Coconut Chia Pudding

Coconut Chia Pudding is a creamy, satisfying Thai-inspired breakfast that combines the richness of coconut with the delightful texture of chia seeds. This keto-friendly dish is not only delicious but also packed with nutrients to kickstart your day.

Coconut Chia Pudding
10 minutes
Difficulty: Easy
Thai
300 kcal

Ingredients

  • Chia seeds - 60 g
  • Coconut milk (full fat) - 400 ml
  • Unsweetened shredded coconut - 30 g
  • Erythritol (or preferred keto sweetener) - 2 tbsp
  • Vanilla extract - 1 tsp
  • Salt - a pinch
  • Fresh berries (such as raspberries or blueberries) - for topping

Steps

  1. In a medium bowl, whisk together the coconut milk, erythritol, vanilla extract, and a pinch of salt until well combined.
  2. Add the chia seeds and shredded coconut to the mixture, stirring well to ensure the seeds are evenly distributed.
  3. Cover the bowl and refrigerate for at least 4 hours, or overnight, to allow the chia seeds to absorb the liquid and create a pudding-like texture.
  4. Once set, stir the pudding well before serving.
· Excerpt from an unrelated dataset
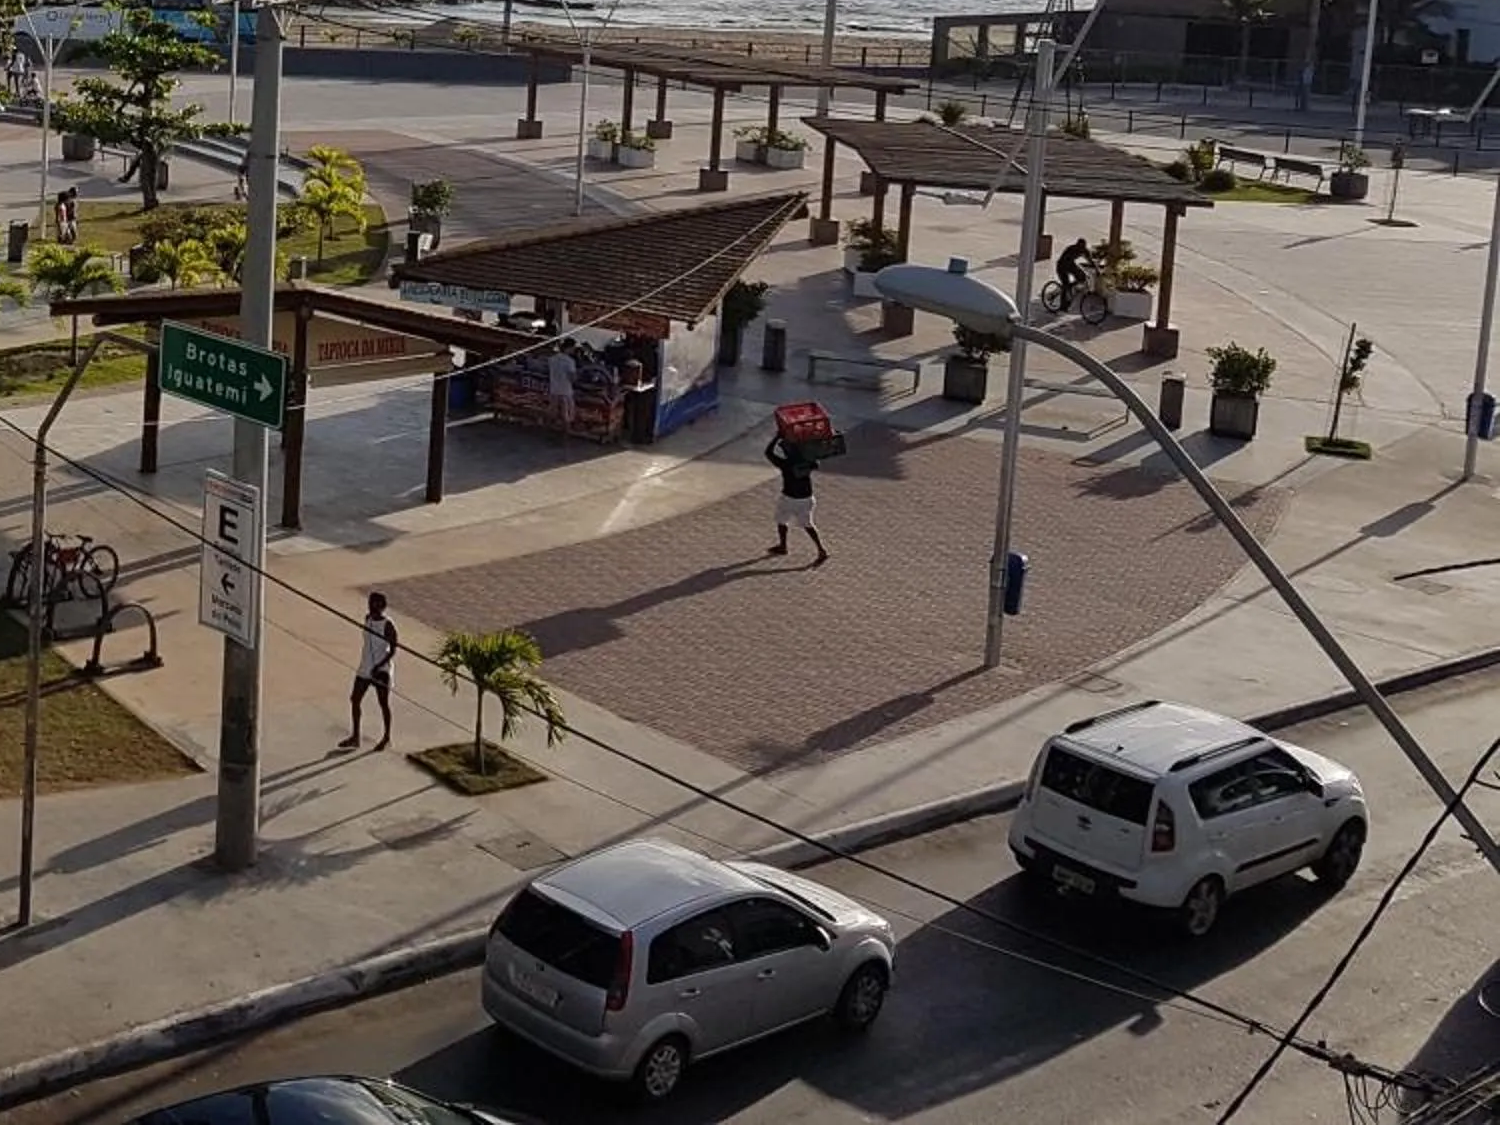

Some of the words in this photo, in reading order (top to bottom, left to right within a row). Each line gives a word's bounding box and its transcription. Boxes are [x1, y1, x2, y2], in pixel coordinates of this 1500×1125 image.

[185, 342, 248, 376] Brotas
[167, 363, 248, 405] Iguatemi
[219, 504, 239, 545] E
Divide it into two bowls.
  5. Top each serving with fresh berries and a sprinkle of shredded coconut for garnish.

Nutrition

  • Calories: 300
  • Protein: 5 g
  • Carbs: 10 g
  • Fiber: 8 g
  • Sugar: 1 g
  • Sodium: 50 mg
  • Cholesterol: 0 mg
  • Total Fat: 27 g
  • Saturated Fat: 24 g
  • Unsaturated Fat: 3 g
  • Water: 0.4 L

Health Benefits

  • Rich in omega-3 fatty acids from chia seeds, which support heart health.
  • Low in carbohydrates, making it suitable for a ketogenic diet.